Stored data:
################

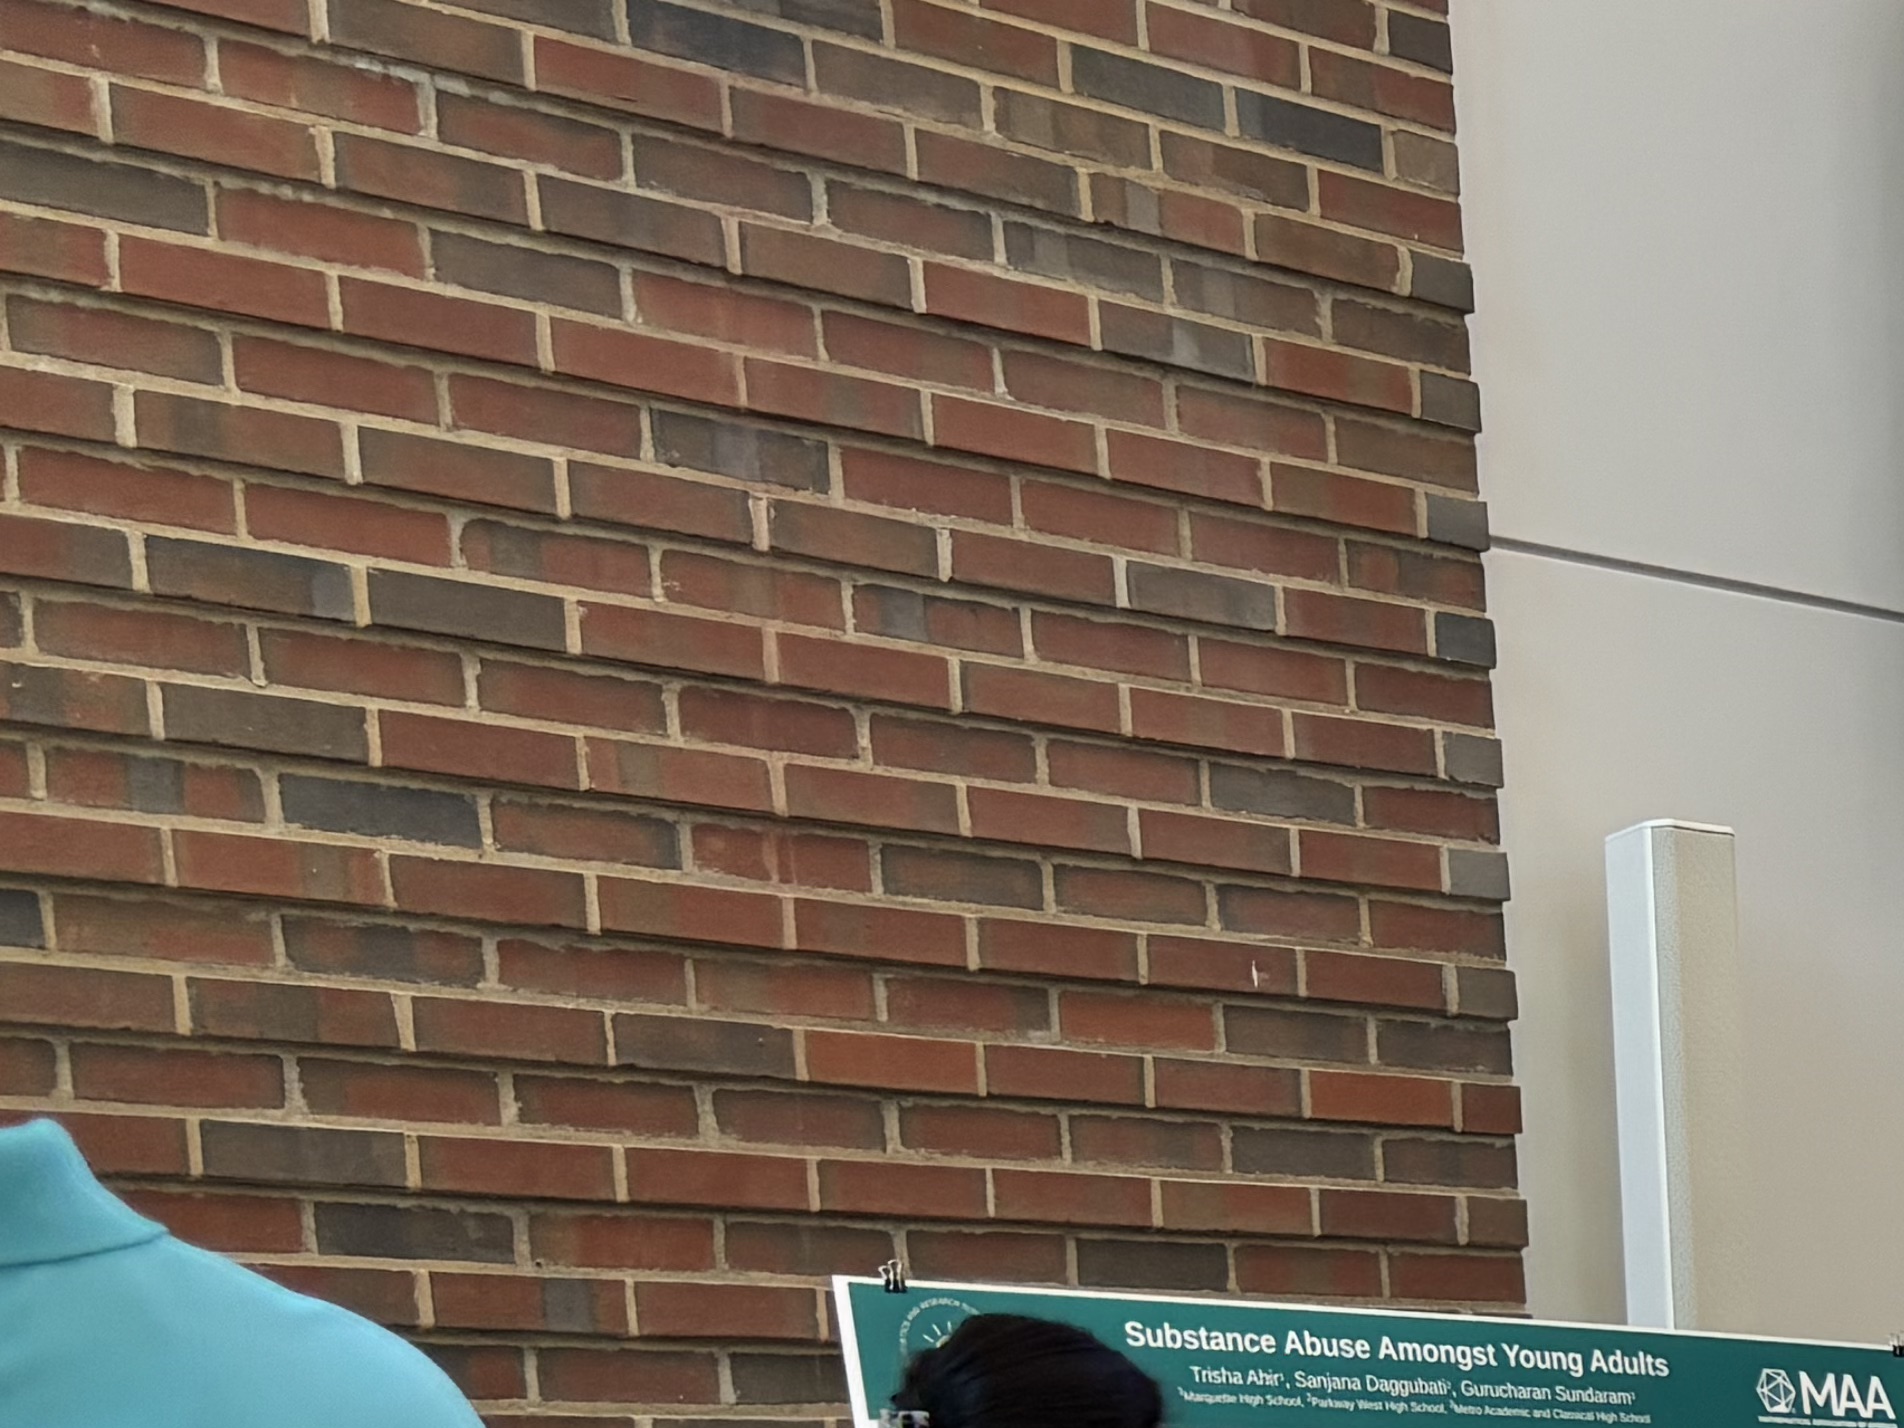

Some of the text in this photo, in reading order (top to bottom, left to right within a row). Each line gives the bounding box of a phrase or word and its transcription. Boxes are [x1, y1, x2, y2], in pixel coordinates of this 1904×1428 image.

[1125, 1321, 1668, 1376] Substance Abuse Amongst Young Adults
[1189, 1365, 1243, 1385] Trisha
[1294, 1371, 1361, 1393] Sanjana
[1461, 1379, 1551, 1401] Gurucharan
[1799, 1371, 1897, 1420] MAA

################

• **Task item**
Except for the pictures, copy every line of the records above exactly.

• **Your response**
Some of the text in this photo, in reading order (top to bottom, left to right within a row). Each line gives the bounding box of a phrase or word and its transcription. Boxes are [x1, y1, x2, y2], in pixel coordinates of this 1904×1428 image.

[1125, 1321, 1668, 1376] Substance Abuse Amongst Young Adults
[1189, 1365, 1243, 1385] Trisha
[1294, 1371, 1361, 1393] Sanjana
[1461, 1379, 1551, 1401] Gurucharan
[1799, 1371, 1897, 1420] MAA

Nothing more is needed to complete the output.